Start of Given information

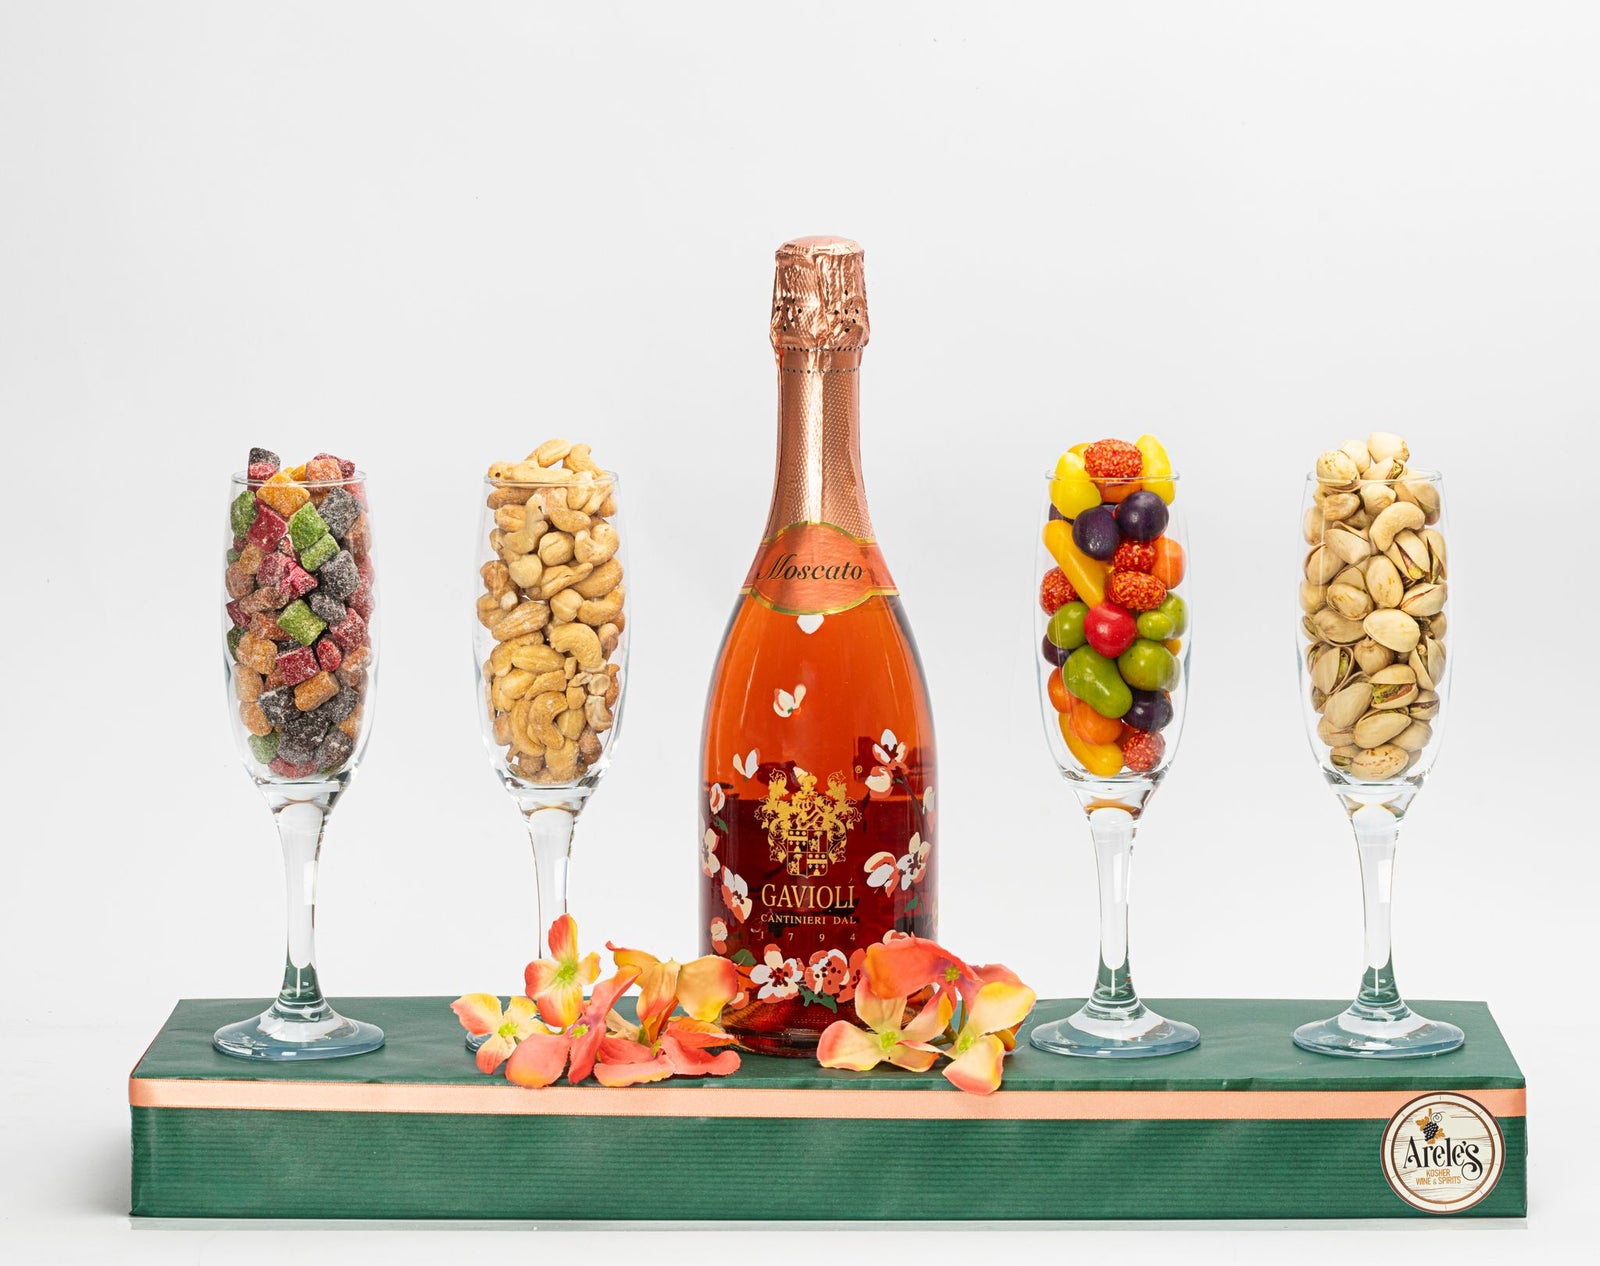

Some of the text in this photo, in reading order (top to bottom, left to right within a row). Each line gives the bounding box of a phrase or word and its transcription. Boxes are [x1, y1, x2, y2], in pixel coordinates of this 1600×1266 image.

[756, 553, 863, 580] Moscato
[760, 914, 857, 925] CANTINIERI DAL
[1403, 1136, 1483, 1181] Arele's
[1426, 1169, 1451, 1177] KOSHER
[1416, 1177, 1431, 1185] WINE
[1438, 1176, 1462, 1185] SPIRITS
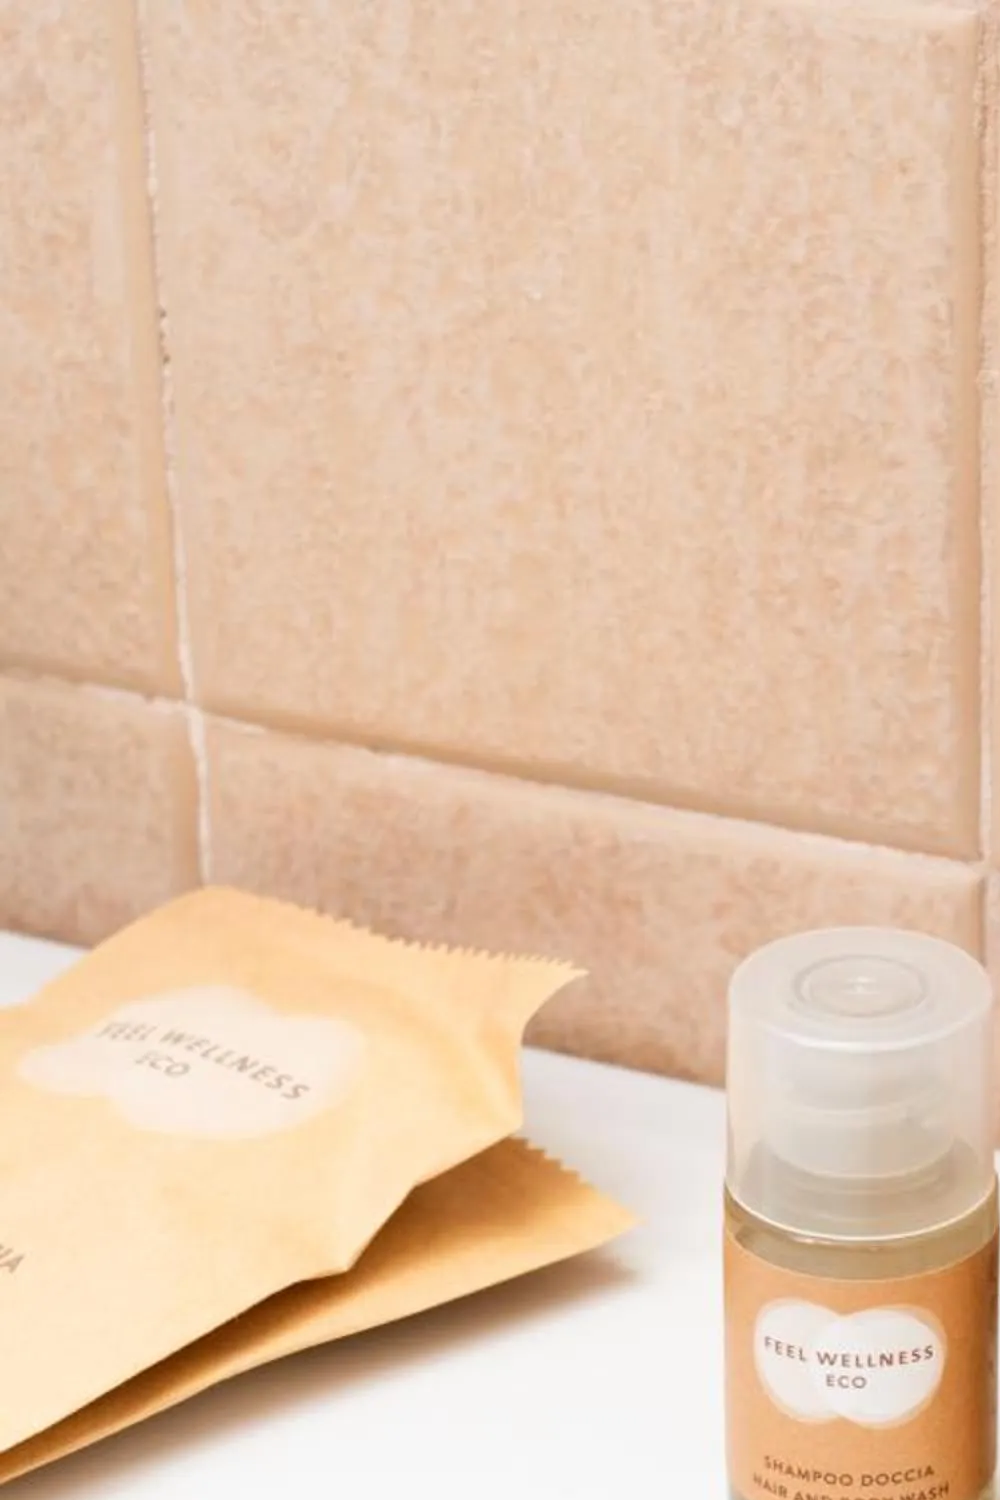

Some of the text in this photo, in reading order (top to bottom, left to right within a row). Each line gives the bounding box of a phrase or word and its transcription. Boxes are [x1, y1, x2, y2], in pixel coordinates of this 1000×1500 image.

End of Given information

Copy the records exactly; no image should appear in the result.

Some of the text in this photo, in reading order (top to bottom, left to right within a row). Each line gives the bounding box of a phrase or word and its transcription. Boxes are [x1, y1, x2, y2], in pixel coordinates of this 1600×1266 image.

[756, 553, 863, 580] Moscato
[760, 914, 857, 925] CANTINIERI DAL
[1403, 1136, 1483, 1181] Arele's
[1426, 1169, 1451, 1177] KOSHER
[1416, 1177, 1431, 1185] WINE
[1438, 1176, 1462, 1185] SPIRITS

Some of the text in this photo, in reading order (top to bottom, left to right within a row). Each line gives the bounding box of a phrase or word and its transcription. Boxes are [x1, y1, x2, y2], in pixel coordinates of this 1000×1500 image.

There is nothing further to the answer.